To test the conservation of CNSs between retained paralogs and the ancestral state, we defined the orthologs in Arabidopsis as the ancestral state. Orthologs were determined for each species and Arabidopsis gene using the PLAZA Integrative Orthology method (ORTHO; ftp://ftp.psb.ugent.be/pub/plaza/plaza_public_02_5/IntegrativeOrthology/integrative_orthology.ORTHO.csv.gz). If the retained paralog has more than one ortholog in Arabidopsis, the best hit is selected. We first compared the CNS composition between the retained paralogs and the ancestral orthologs. Then, the CNSs of the retained paralogs were compared with the ancestral CNSs using the minimum percent identity threshold of 50% and window size of 20 bp for all four sequence types (intronic, UTR, upstream, downstream). Only CNSs of all four sequence types above the threshold of VISTA were considered as similar to the ancestral state. Retained paralogs were classified into two categories: both display nucleotide differences from the ancestral state and one of the retained paralogs is similar to the ancestral state. Note that genes without CNSs were excluded from this analysis.

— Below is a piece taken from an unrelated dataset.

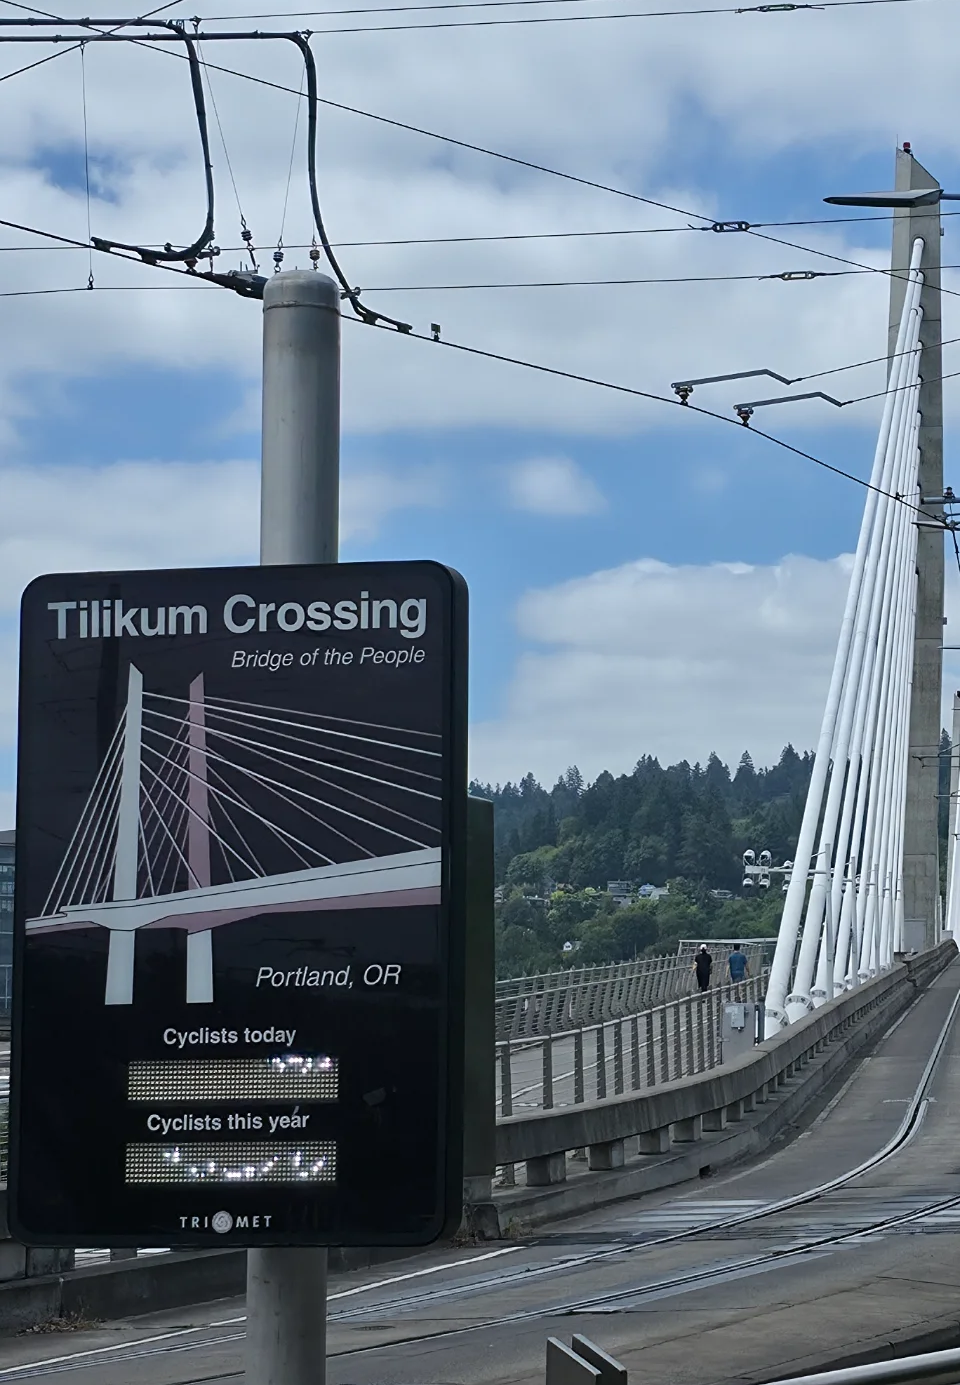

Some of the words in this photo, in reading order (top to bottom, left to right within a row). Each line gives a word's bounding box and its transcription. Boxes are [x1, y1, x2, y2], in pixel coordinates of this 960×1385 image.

Statistical analyses of predictors of different genome evolution categories

A logistic regression and multivariable linear regression model was used to determine significant predictors of the three genome evolution patterns, including genes related to CNS, synteny, and paralog retention.

For genes of synteny and paralog retention, logistic regression was used. Each gene model with evidence of significant expression was given an indicator variable of 1/0 for the presence of genes belonging to the three categories, and the three tests were considered as distinct entities. To measure expression specificity, the tissue specificity score was computed (Xie et al. 2017). Gene length was measured in bases between the start and stop codon, including all intronic sequence. Each gene of GO functional categories was given an indicator variable of 0/1 depending on the presence or absence, respectively. Logistic regression was then carried out using the generalized linear model, binomial family, logit link integrated in R package. The significance of each variable was assessed by F-statistic test.

For genes related to CNS, we used multivariable linear regression model to test the significant predictors, for the number of CNS number was significant related to different functional categories. The significance of each variable was assessed by chisquare test.

All variables were added to the model as main effects, and backward selection was used to choose the best of predictor variables. For each run, a total of 15 variables were given as input, and adjusted R2 was calculated.

Results

Functional inference of CNSs

Populus CNSs were typically short (median length of 15 bp) and had a broader GC content than the genic portion of the genome (Table S1; Figure S1). The 157,567 CNSs were located in upstream regions (49.1%), 5′ UTRs (17.4%), introns (8.8%), 3′ UTRs (12.5%), and downstream regions (12.1%) in the P. trichocarpa genome (PHYTOZOME v.10.0; Figure S2). Examination of their distribution revealed that these sequences had a high frequency of motifs located in the 1-kb promoter regions, with some weak peaks scattered throughout the promoters (Figure S3). After excluding all the CNSs that are known cis-regulatory elements in PlantRegMap database with a maximum length of 21 bp, we identified 31,998 CNSs to be significant binding sites of 356 transcription factors (TFs) (P < = 0.001; Table S2). We observed that upstream regions were more enriched for TF binding motifs than other regions, with 32 motifs specific to upstream regions (Tables S3S7). For example, the WRKY60-binding motif involved in abscisic acid responses and abiotic stress (Han et al. 2010), and the ABI4 binding motif mediating abscisic acid and temperature responses (Tamminen et al. 2001), were enriched in these regions. These numbers indicate thousands of biological network links where a protein recognizes a conserved binding site and influences expression of its target genes.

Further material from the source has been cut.